EXERCISE GOAL
Copy each line of the data below exactly, leaving out pictures.

DATA TO USE

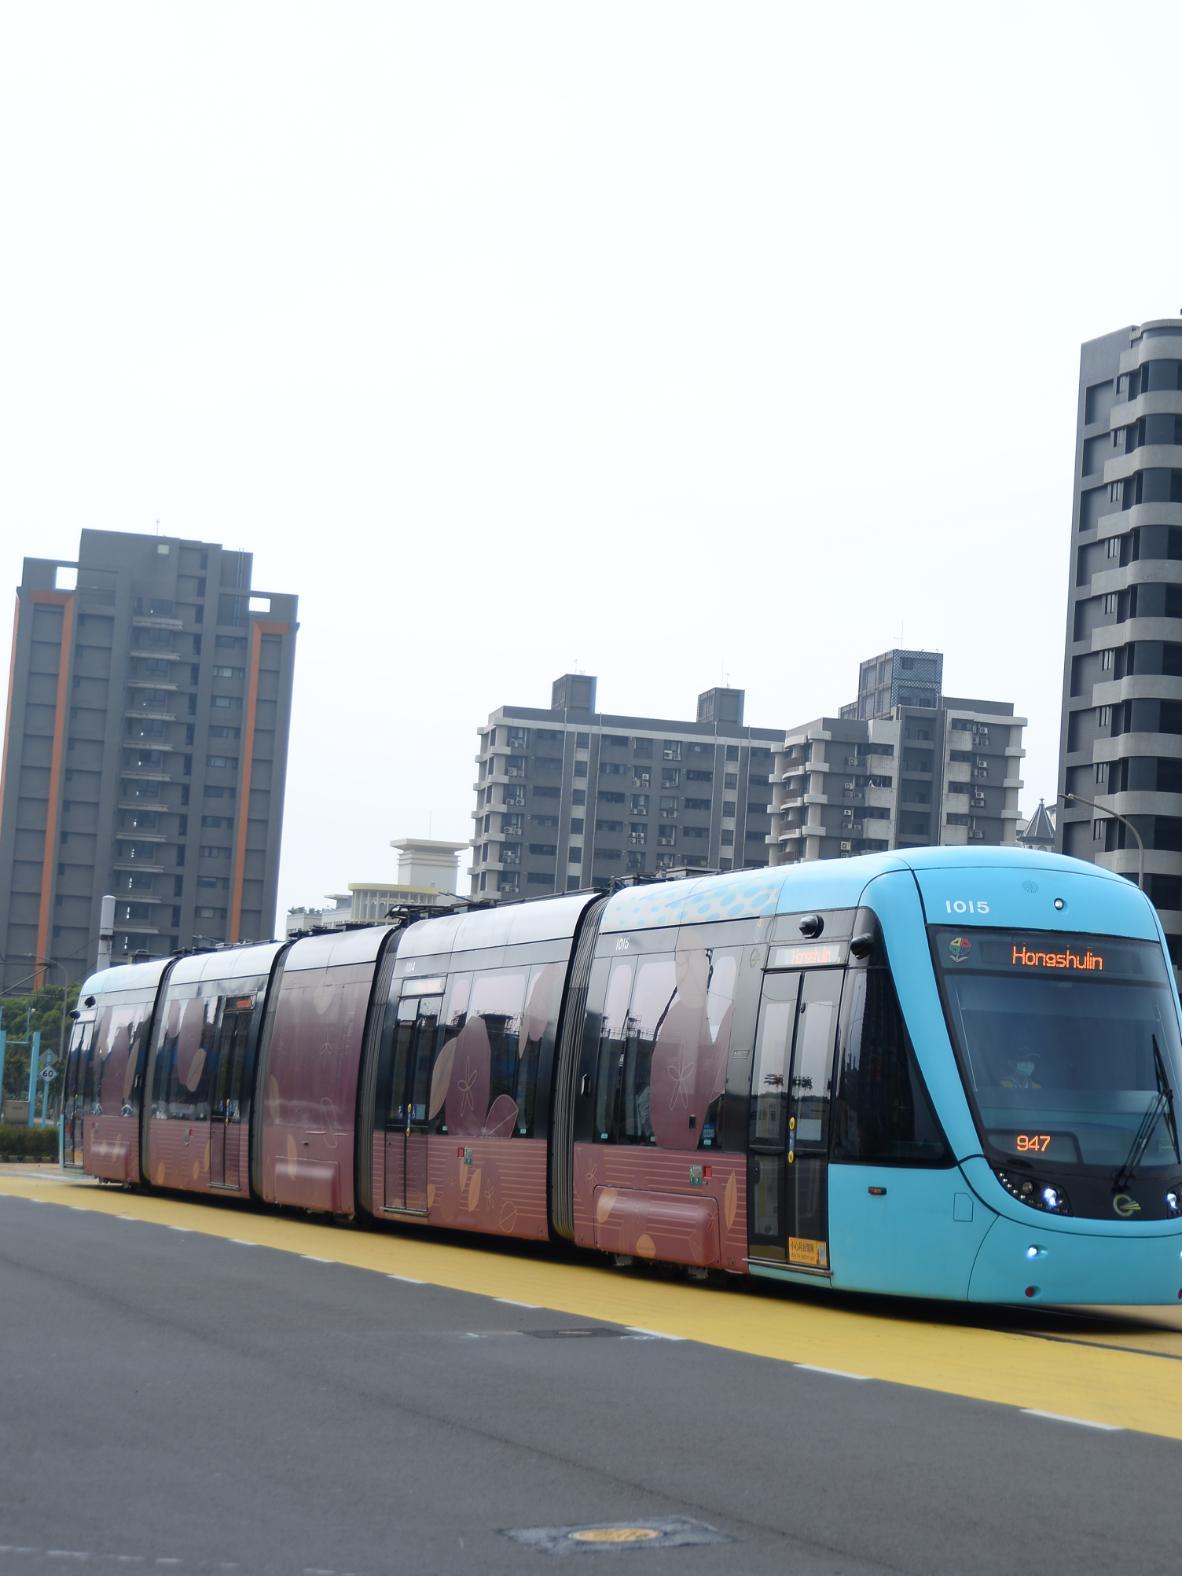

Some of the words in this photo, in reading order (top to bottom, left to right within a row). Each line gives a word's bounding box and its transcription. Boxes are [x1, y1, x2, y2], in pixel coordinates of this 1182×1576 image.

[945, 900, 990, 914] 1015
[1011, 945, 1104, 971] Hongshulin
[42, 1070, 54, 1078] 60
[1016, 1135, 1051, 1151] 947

SOLUTION BELOW
Some of the words in this photo, in reading order (top to bottom, left to right within a row). Each line gives a word's bounding box and its transcription. Boxes are [x1, y1, x2, y2], in pixel coordinates of this 1182×1576 image.

[945, 900, 990, 914] 1015
[1011, 945, 1104, 971] Hongshulin
[42, 1070, 54, 1078] 60
[1016, 1135, 1051, 1151] 947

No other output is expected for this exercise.